**EXERCISE INPUTS**
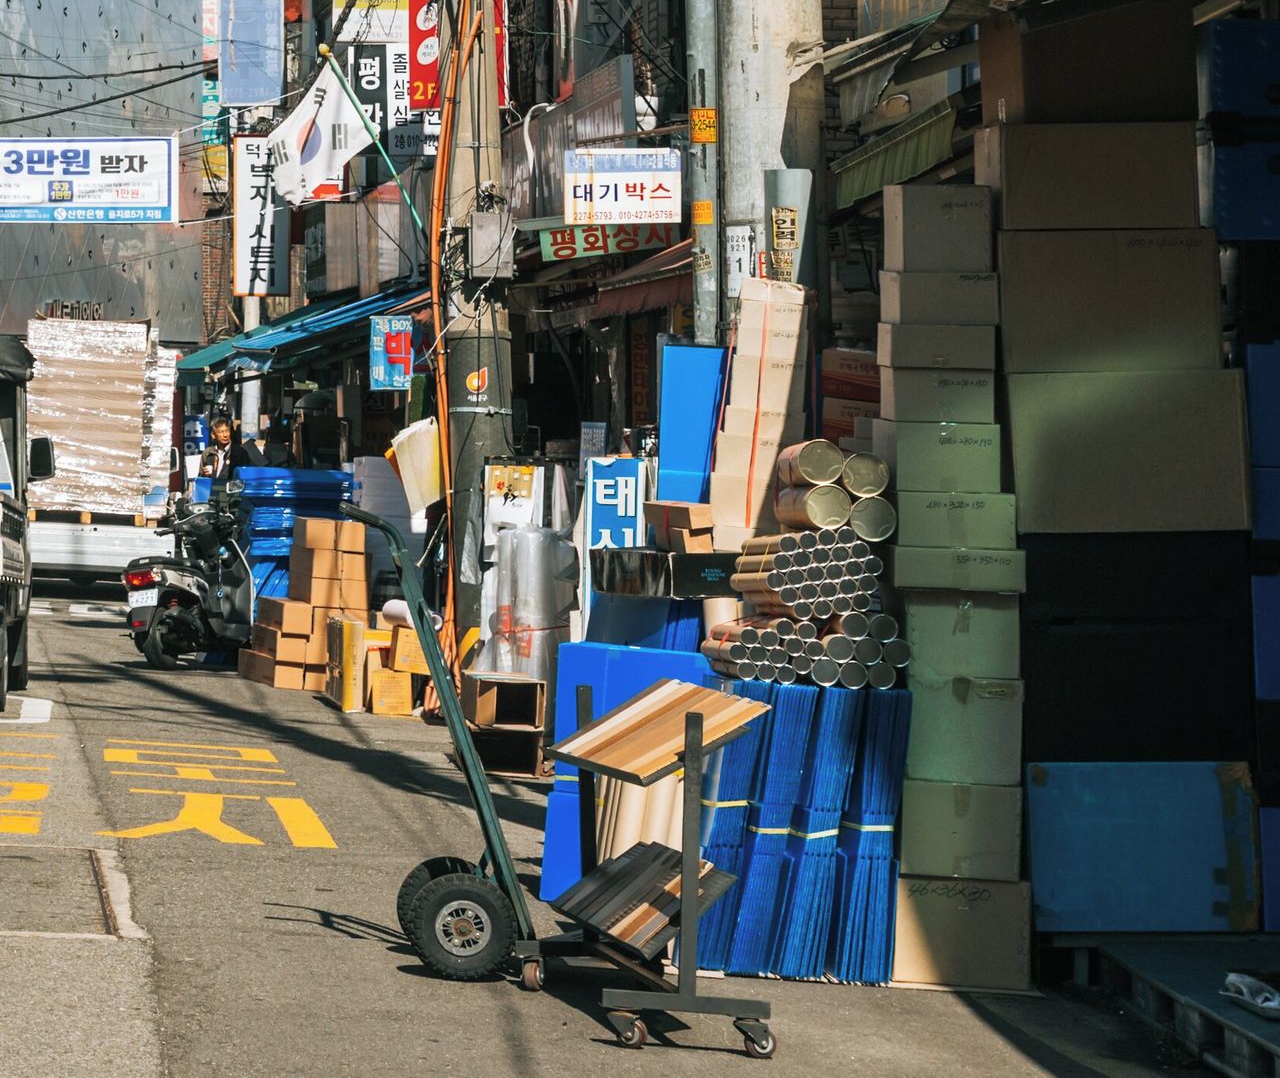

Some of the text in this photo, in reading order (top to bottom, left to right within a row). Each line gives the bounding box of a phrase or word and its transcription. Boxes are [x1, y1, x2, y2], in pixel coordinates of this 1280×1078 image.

[3, 149, 91, 176] 3만원
[100, 154, 149, 174] 받자
[573, 183, 673, 203] 대기박스
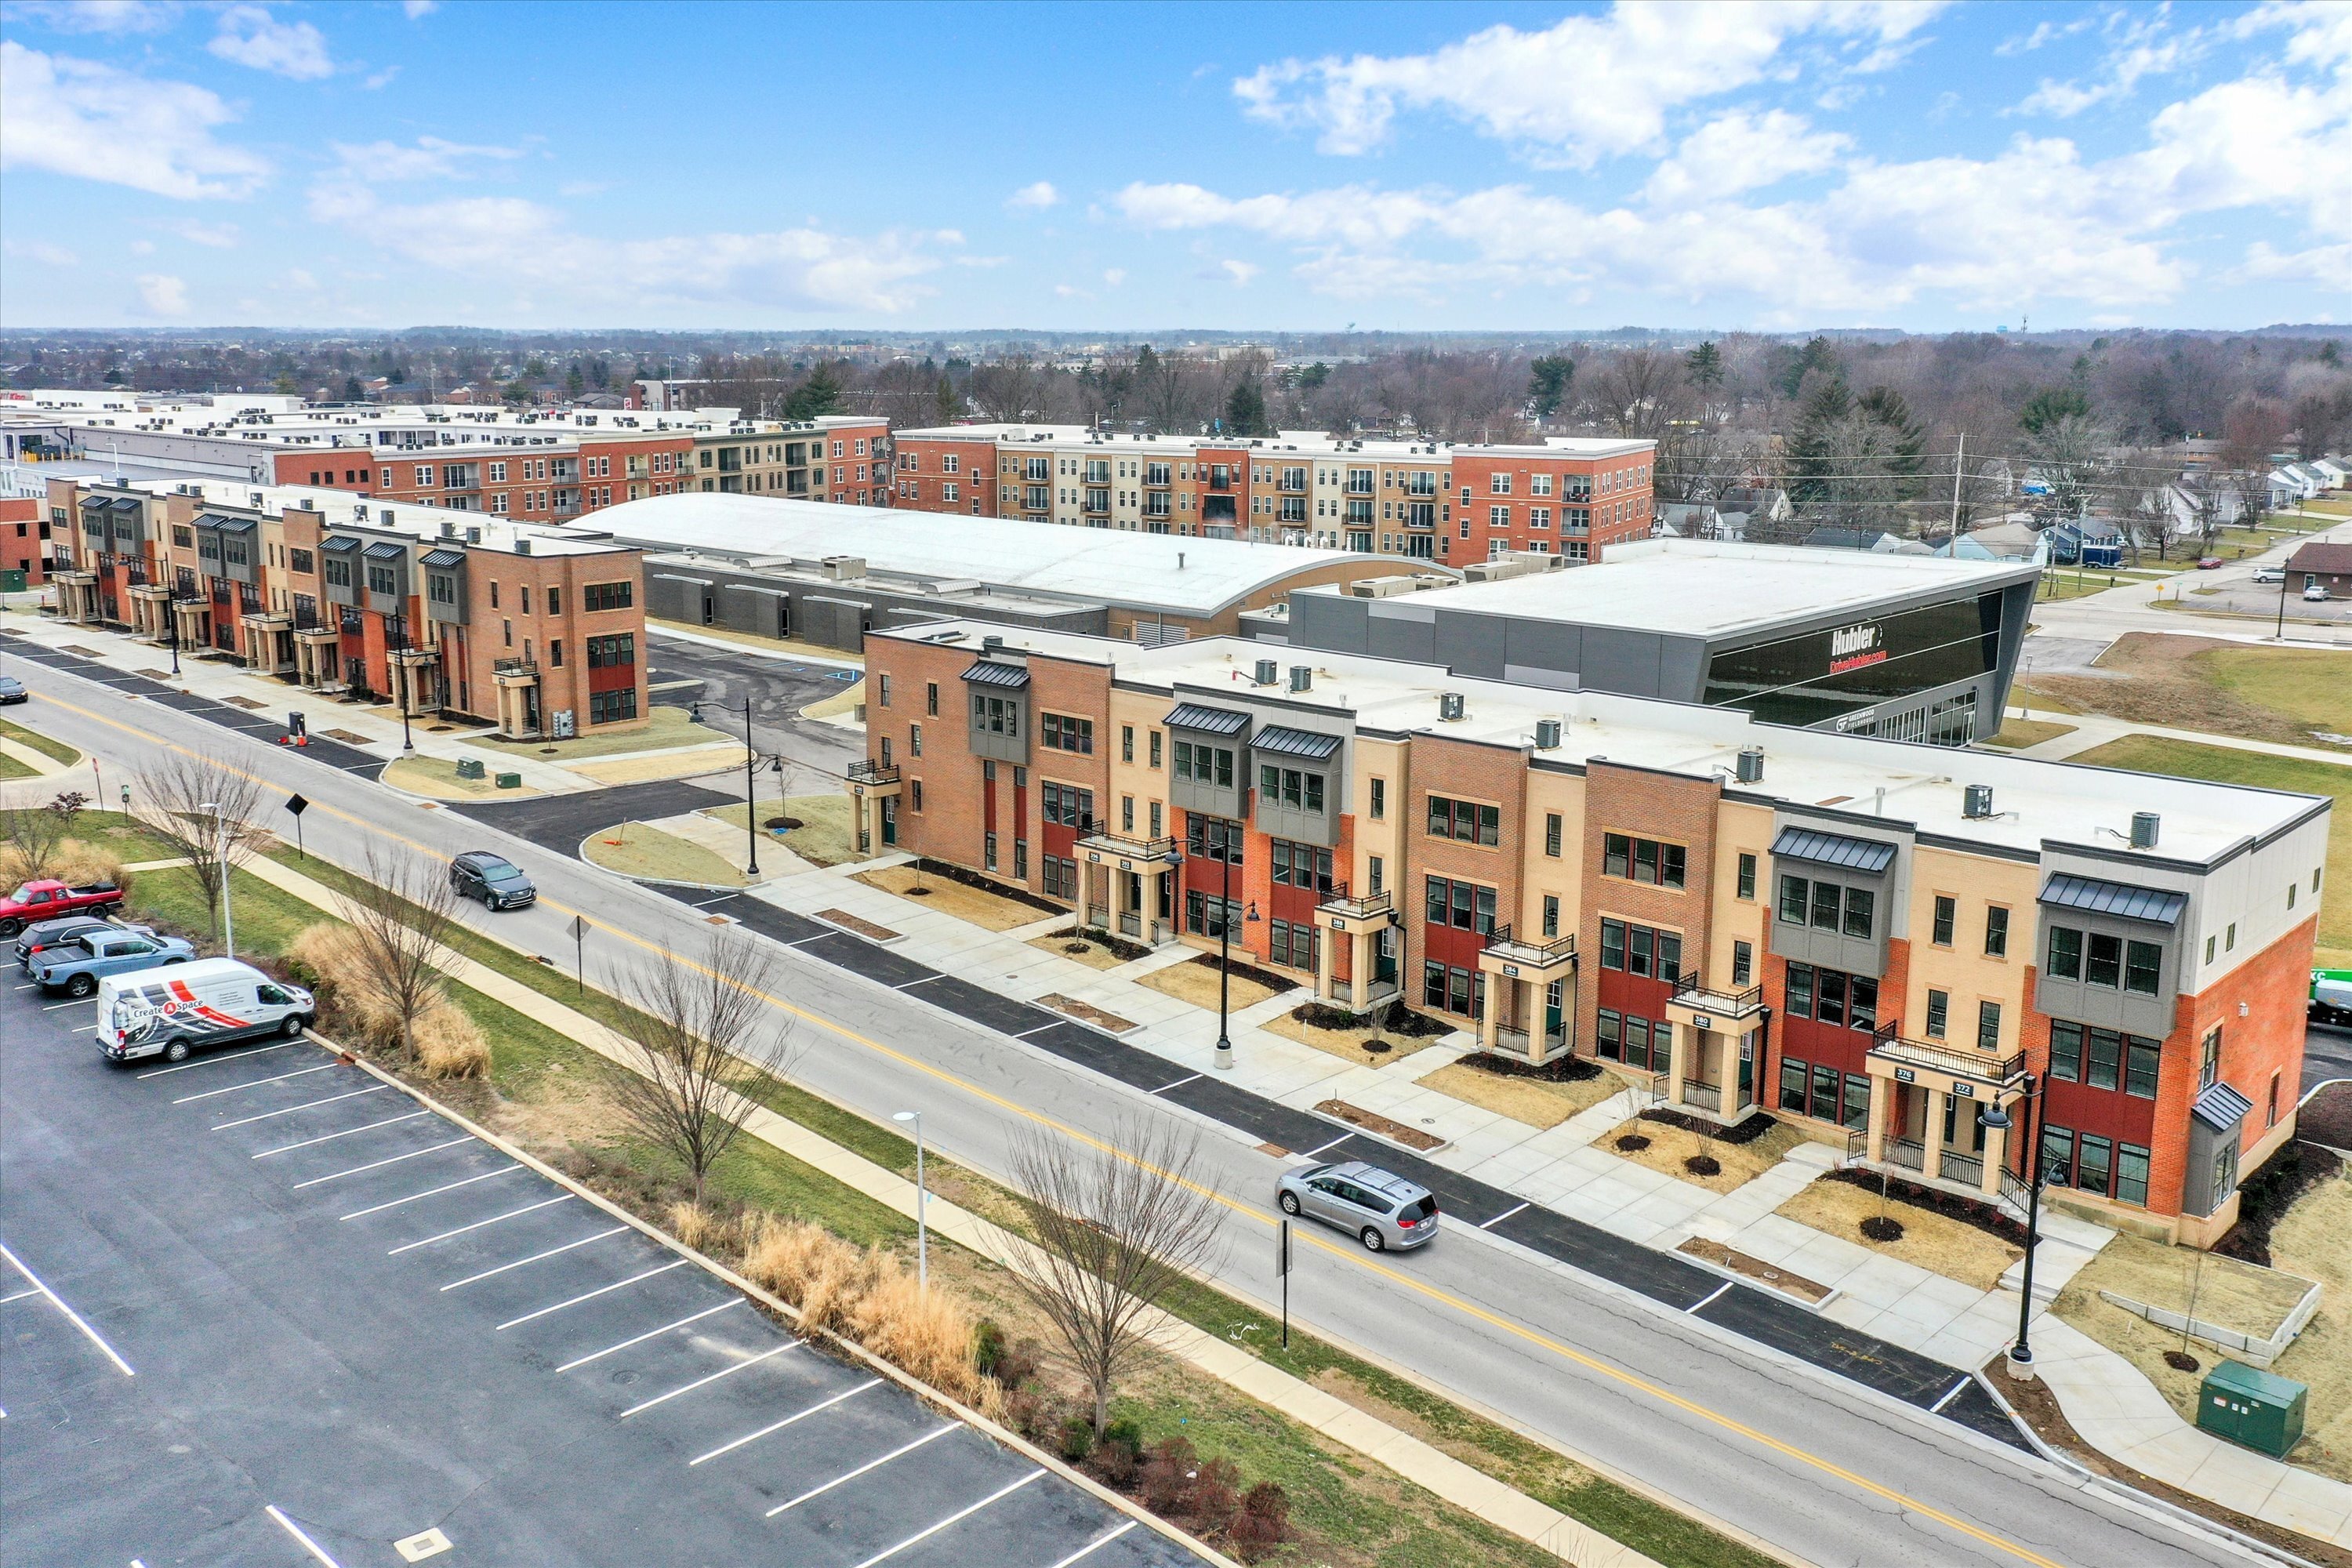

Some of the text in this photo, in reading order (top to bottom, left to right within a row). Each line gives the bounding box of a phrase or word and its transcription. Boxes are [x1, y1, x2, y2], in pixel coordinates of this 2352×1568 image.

[1831, 625, 1875, 657] Hubler
[1829, 650, 1887, 673] DriveHubler.com
[1849, 709, 1875, 721] GREENWOOD
[1848, 716, 1875, 728] FIELDHOUSE
[133, 1007, 163, 1018] Create
[176, 1000, 204, 1011] Space
[1695, 1015, 1708, 1024] 380
[1897, 1069, 1911, 1078] 376
[1955, 1083, 1970, 1092] 372
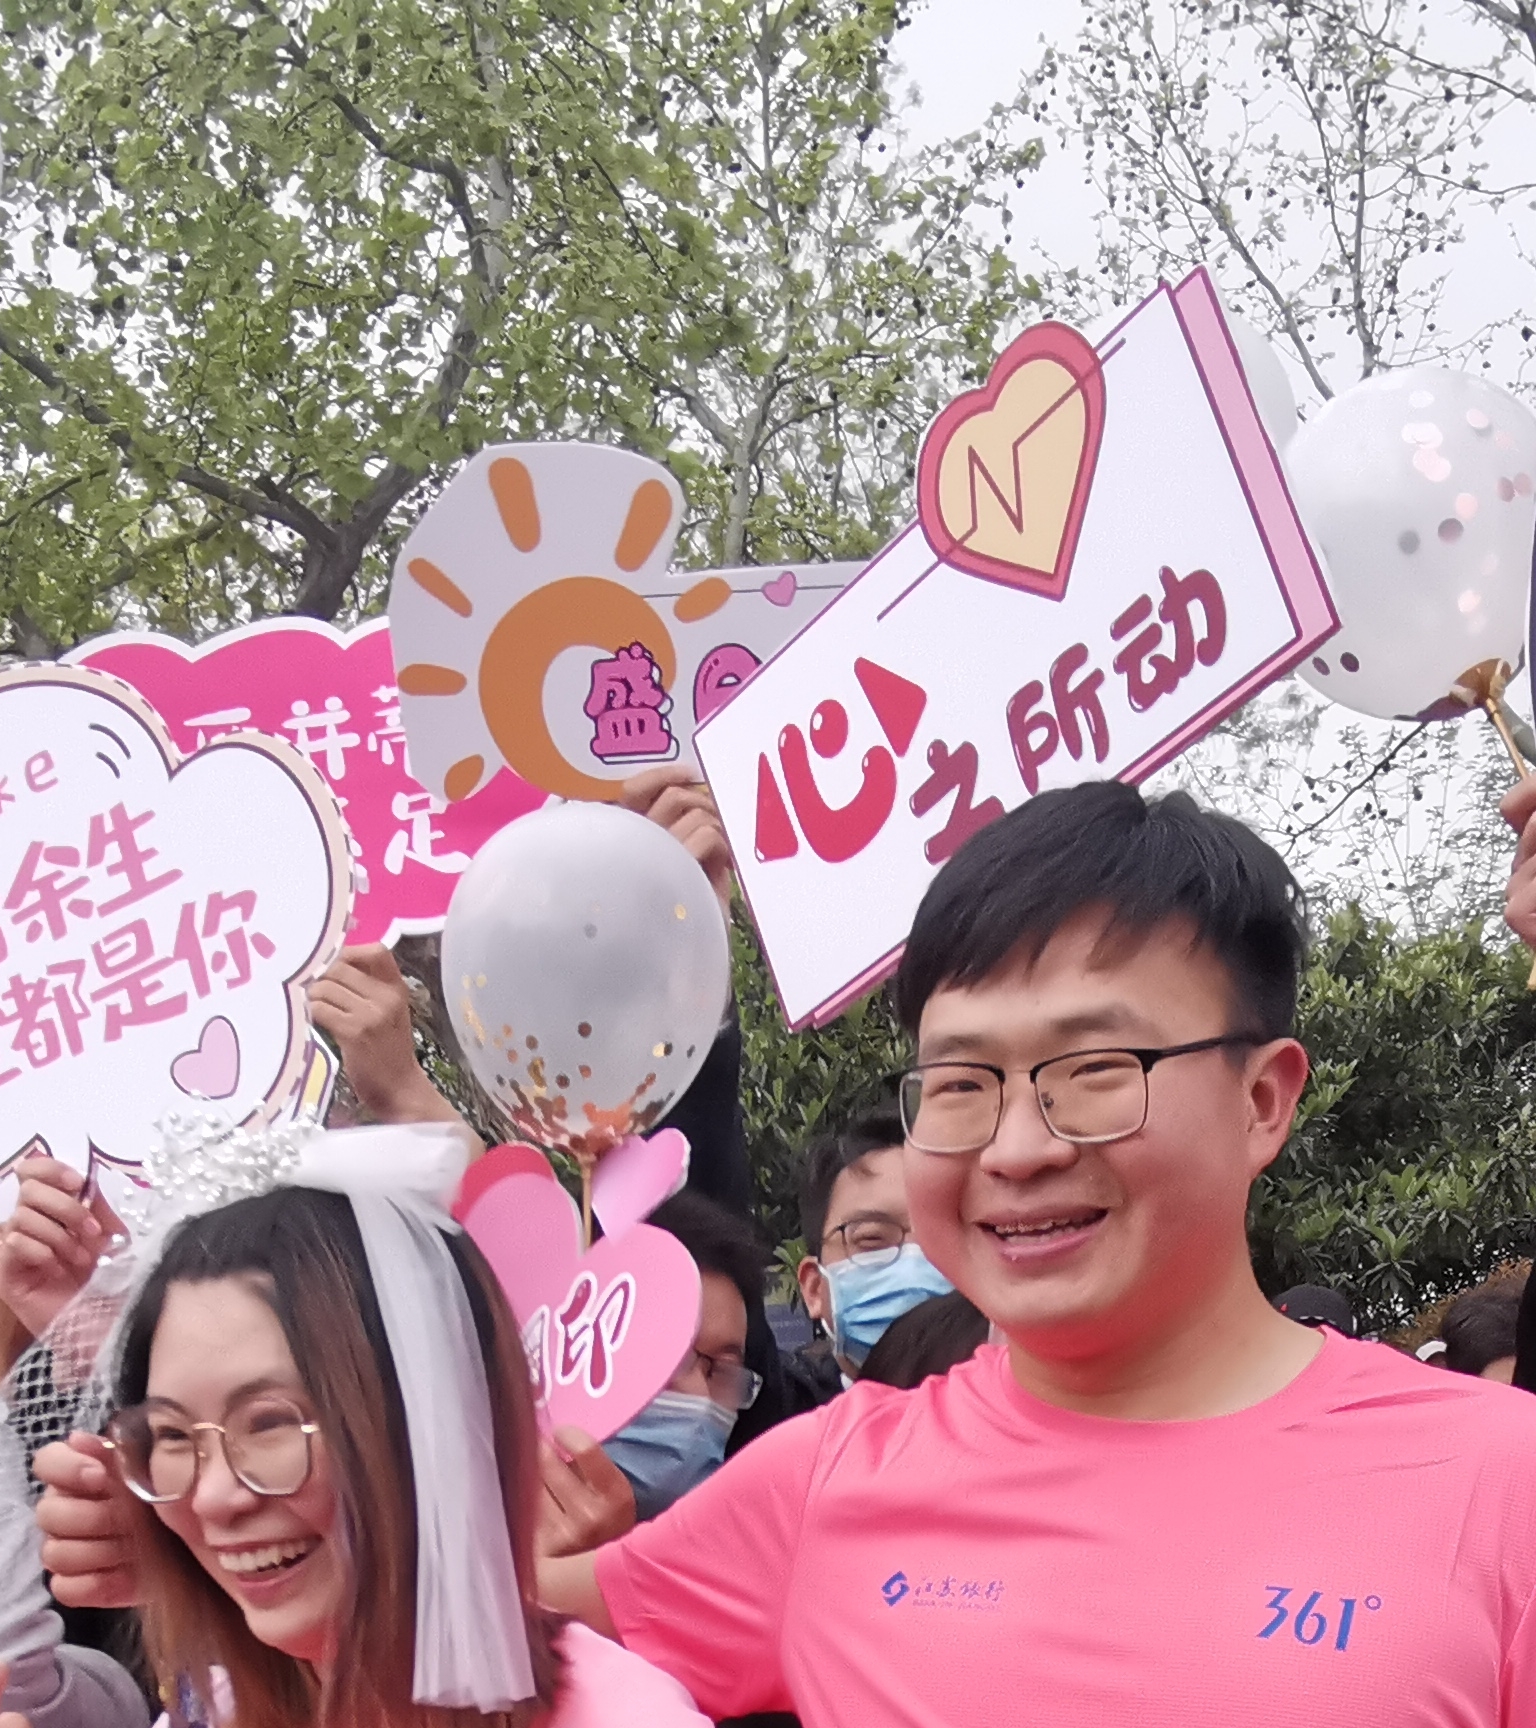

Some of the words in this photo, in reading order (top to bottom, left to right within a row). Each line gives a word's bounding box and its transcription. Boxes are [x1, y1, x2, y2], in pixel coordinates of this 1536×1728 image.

**TASK TO COMPLETE**
Retype the listing exactly. Pictures do not belong in the copy.

**RESPONSE TO THIS TASK**
Some of the text in this photo, in reading order (top to bottom, left to right within a row). Each line gives the bounding box of a phrase or word and its transcription. Boxes are [x1, y1, x2, y2], in pixel coordinates of this 1280×1078 image.

[3, 149, 91, 176] 3만원
[100, 154, 149, 174] 받자
[573, 183, 673, 203] 대기박스

Some of the text in this photo, in reading order (top to bottom, left to right within a row). Each line gives the bounding box of a phrase or word and its transcription. Boxes are [x1, y1, x2, y2], in pixel coordinates of this 2352×1568 image.

[1831, 625, 1875, 657] Hubler
[1829, 650, 1887, 673] DriveHubler.com
[1849, 709, 1875, 721] GREENWOOD
[1848, 716, 1875, 728] FIELDHOUSE
[133, 1007, 163, 1018] Create
[176, 1000, 204, 1011] Space
[1695, 1015, 1708, 1024] 380
[1897, 1069, 1911, 1078] 376
[1955, 1083, 1970, 1092] 372

Some of the words in this photo, in reading order (top to bottom, left to right within a row). Each line gives a word's bounding box and its transcription. Boxes are [x1, y1, x2, y2], in pixel coordinates of this 1536×1728 image.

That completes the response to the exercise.